Eat More Green: Toastmasters speech

The objective of speech no. 9 in the Toastmasters journey is simply: Persuade with Power.

So here goes.

The planet is creaking. Climate change is on the march. Our wildlife populations are crashing. And the FAO estimates that we only have 60 years of harvests left.

60 years.

There is something that every one of us here can do that would take a big bite out of these interconnected problems. Reduce our meat consumption.

So allow me now to give you a breakdown of what it is about raising extreme numbers of livestock that is so destructive. Allow me to explain the inefficiency of a meat-heavy diet, and the benefits of changing this.

What does it take to put a steak on your plate?
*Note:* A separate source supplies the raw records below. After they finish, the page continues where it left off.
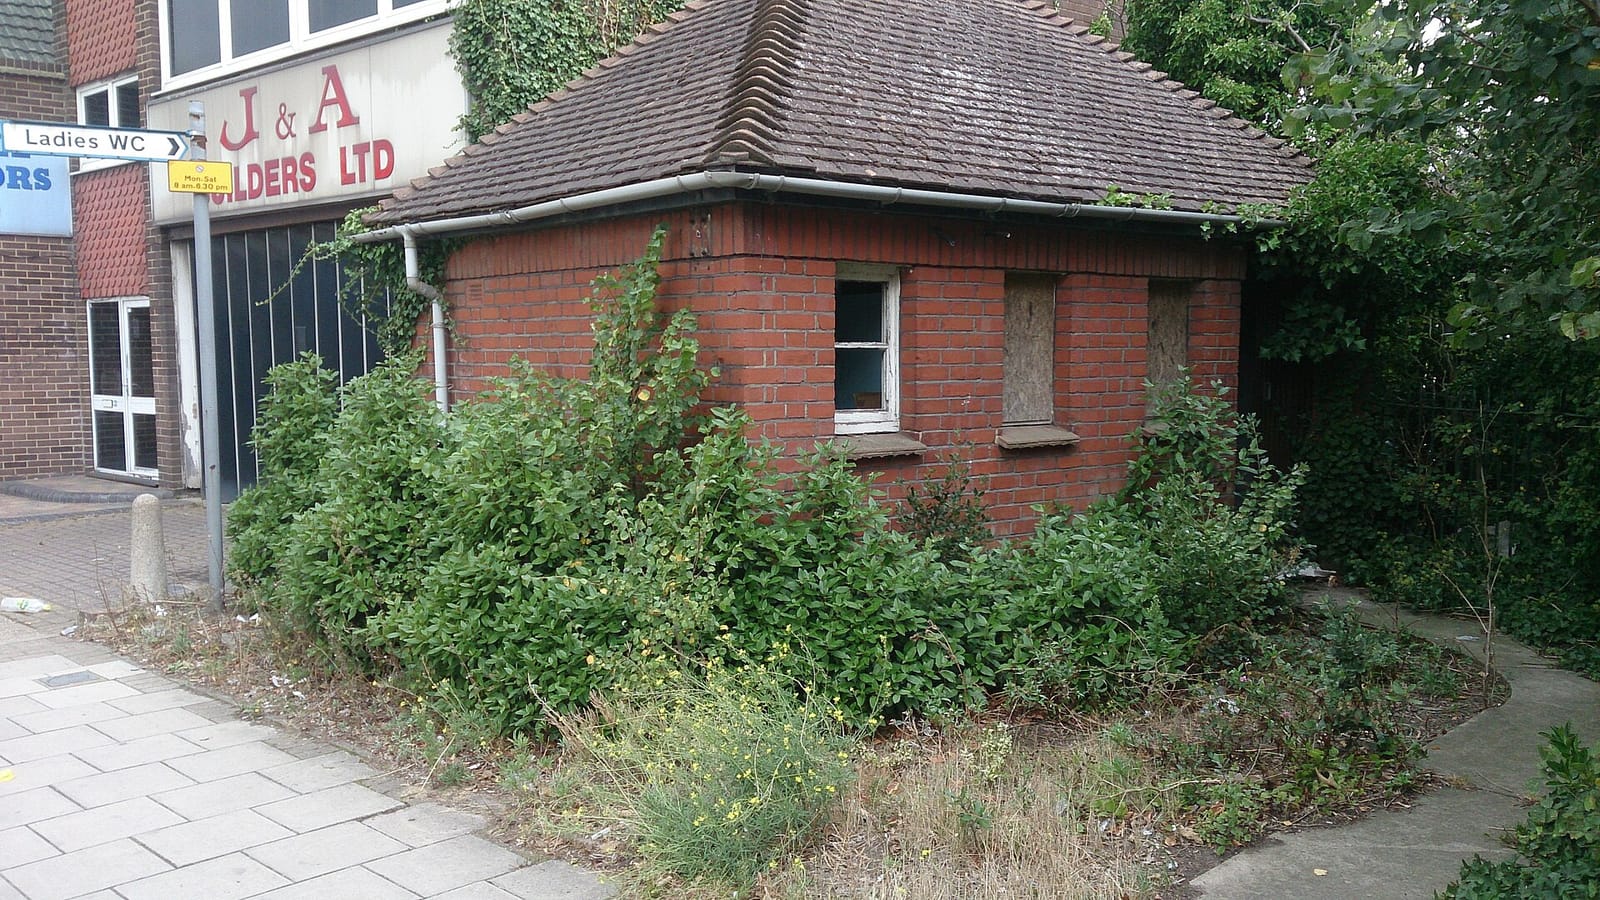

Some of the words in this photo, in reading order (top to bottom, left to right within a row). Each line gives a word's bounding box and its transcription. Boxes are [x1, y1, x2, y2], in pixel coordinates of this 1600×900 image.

[220, 86, 259, 151] J
[275, 102, 296, 140] &
[308, 64, 360, 134] A
[26, 129, 98, 148] Ladies
[108, 134, 145, 152] WC
[0, 165, 52, 191] RS
[211, 152, 317, 205] LDERS
[339, 139, 395, 186] LTD
You need to start with land. A lot of it. A quarter of the planet’s ice-free land is used for grazing alone. Some of this was already grassland, stripped of wildlife, or it was once forest, or bog, or wetland. The result is that livestock production is known to be the single largest driver of habitat loss; while destroying so many trees and bogs releases massive amounts of carbon that were once locked up. And some land, once turned over to farm animals, turns irreversibly into desert. In China, the deserts are advancing at more than a thousand square miles per year, mostly because of over-grazing.

Once you have land, you need water and feed for your livestock. Raising them takes up nearly a tenth of our global water supply, and a third of our global crop production. And if you eat meat, here in the UK, then chances are, you’ve basically eaten dead rainforest – the EU imports millions and millions of tons of soy per year for feed, and most of this soy comes from South America.
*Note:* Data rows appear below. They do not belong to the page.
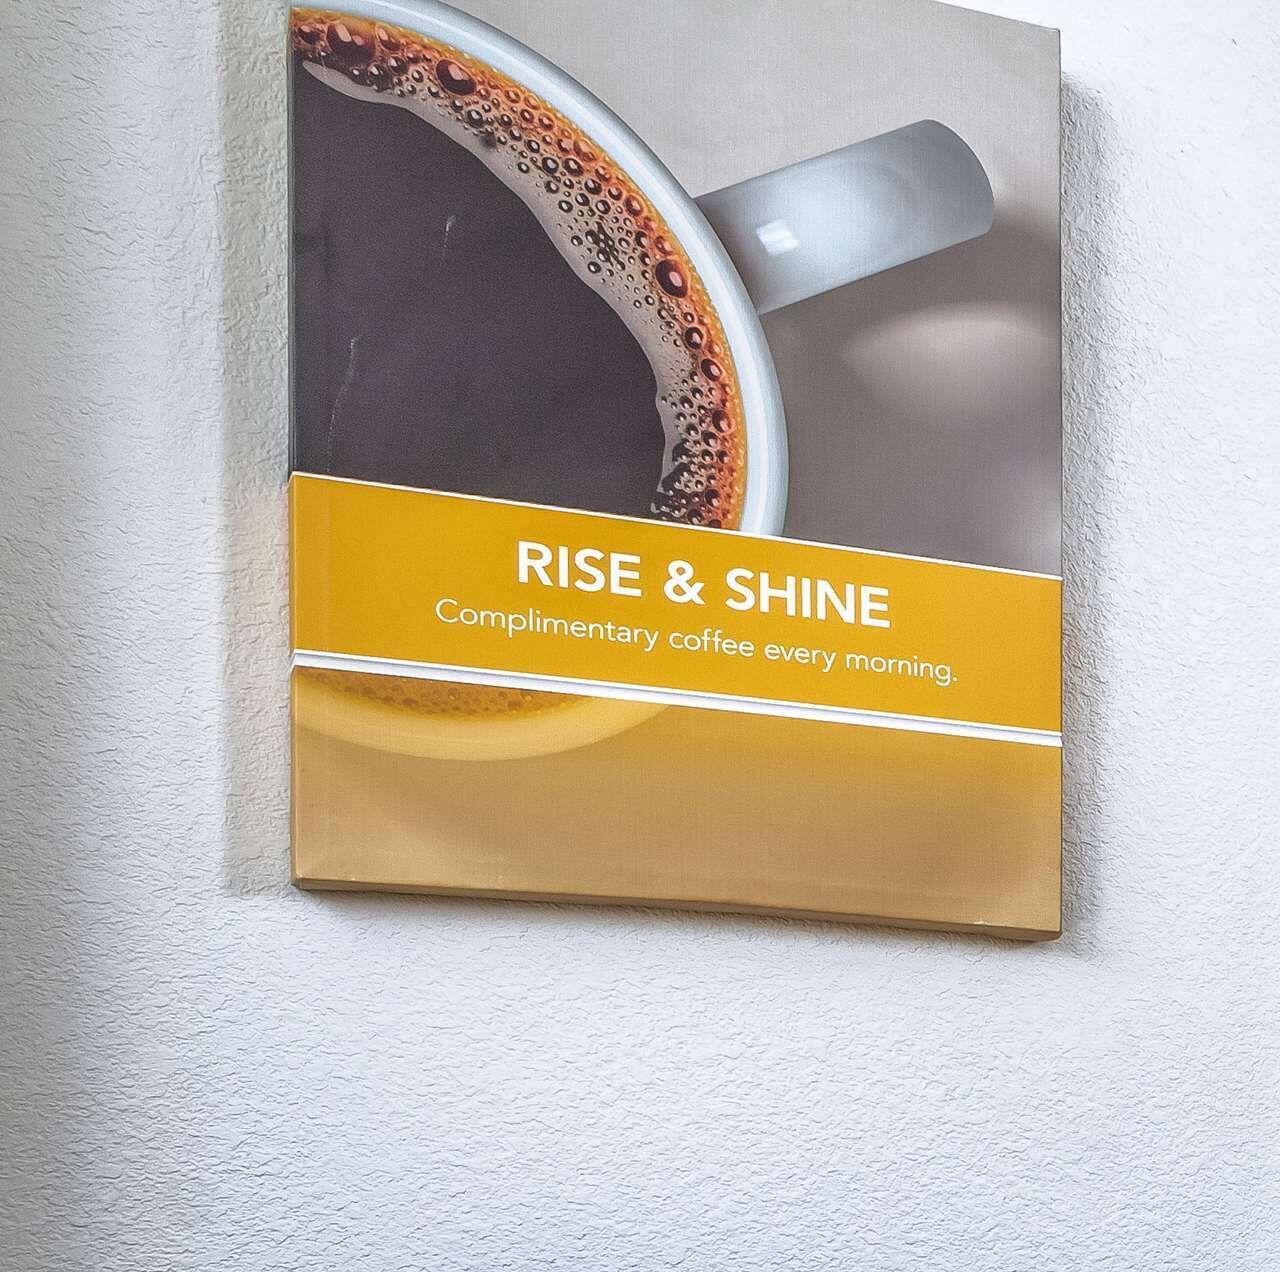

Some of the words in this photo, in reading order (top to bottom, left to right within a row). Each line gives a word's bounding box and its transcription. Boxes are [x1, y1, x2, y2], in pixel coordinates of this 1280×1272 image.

[515, 540, 643, 598] RISE
[663, 558, 706, 606] &
[724, 567, 892, 629] SHINE
[434, 598, 661, 653] Complimentary
[668, 628, 755, 659] coffee
[764, 640, 837, 674] every
[844, 648, 959, 688] morning.
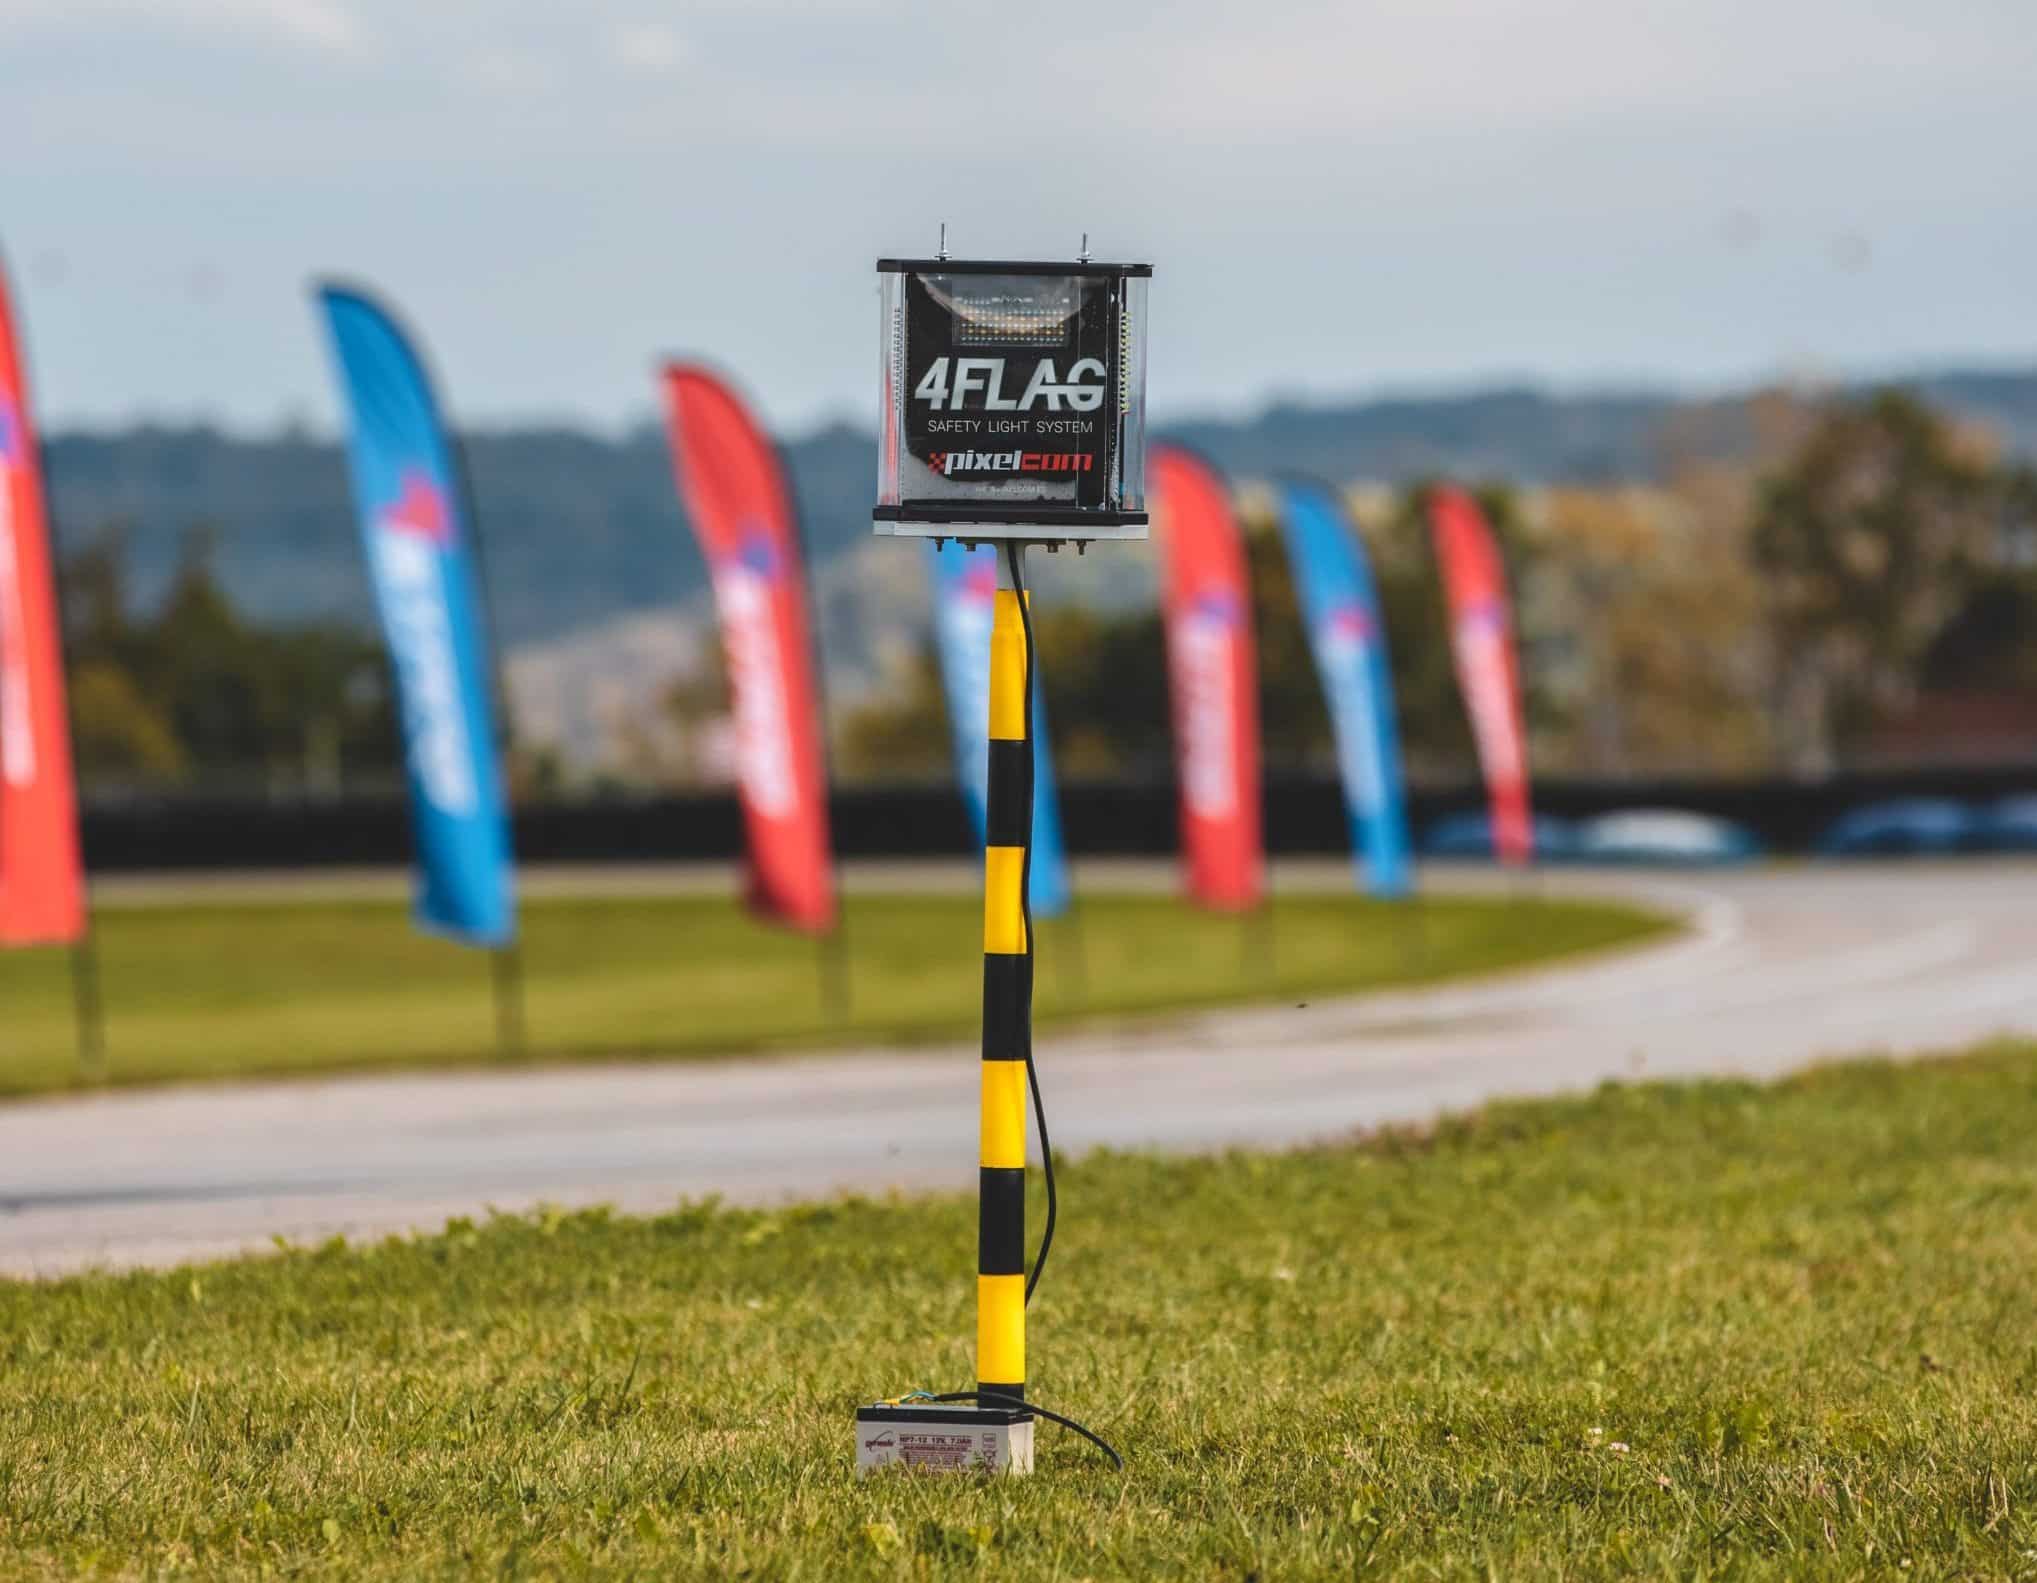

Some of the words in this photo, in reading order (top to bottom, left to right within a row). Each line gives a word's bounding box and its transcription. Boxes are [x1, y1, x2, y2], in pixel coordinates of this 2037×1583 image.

[914, 357, 1106, 412] 4FLAG
[928, 420, 981, 433] SAFETY
[988, 421, 1029, 433] LIGHT
[1036, 421, 1093, 433] SYSTEM
[944, 450, 1093, 475] pixelcom
You can probably guess that this is also quite bad for people. All over the world, but especially in developing countries, poor and indigenous people are being forced off their land so that livestock can move in. Last year, at least 23 activists were murdered because they tried to fight this, again, mostly in South America.
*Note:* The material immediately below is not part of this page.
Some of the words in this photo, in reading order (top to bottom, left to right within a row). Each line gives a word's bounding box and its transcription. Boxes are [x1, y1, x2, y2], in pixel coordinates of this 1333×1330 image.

Similarly, the poorest in society will suffer the most from climate change, whether it’s rising sea levels, extreme weather events, or higher food prices, although we’re all going to be affected by these eventually. The meat industry contributes 15% of our total greenhouse gas emissions, which makes it a key climate change criminal.

And another threat lurks in our factory farms – super-resistant diseases that may well be born out our rampant over-medication of squashed-together animals with antibiotics. We face the very real prospect that our grandchildren or even our children could die of a paper cut, because of our choices today.

There you have it. Habitat destruction, carbon release, desert, animal and human suffering. Your recipe for a cheap, daily meat fix.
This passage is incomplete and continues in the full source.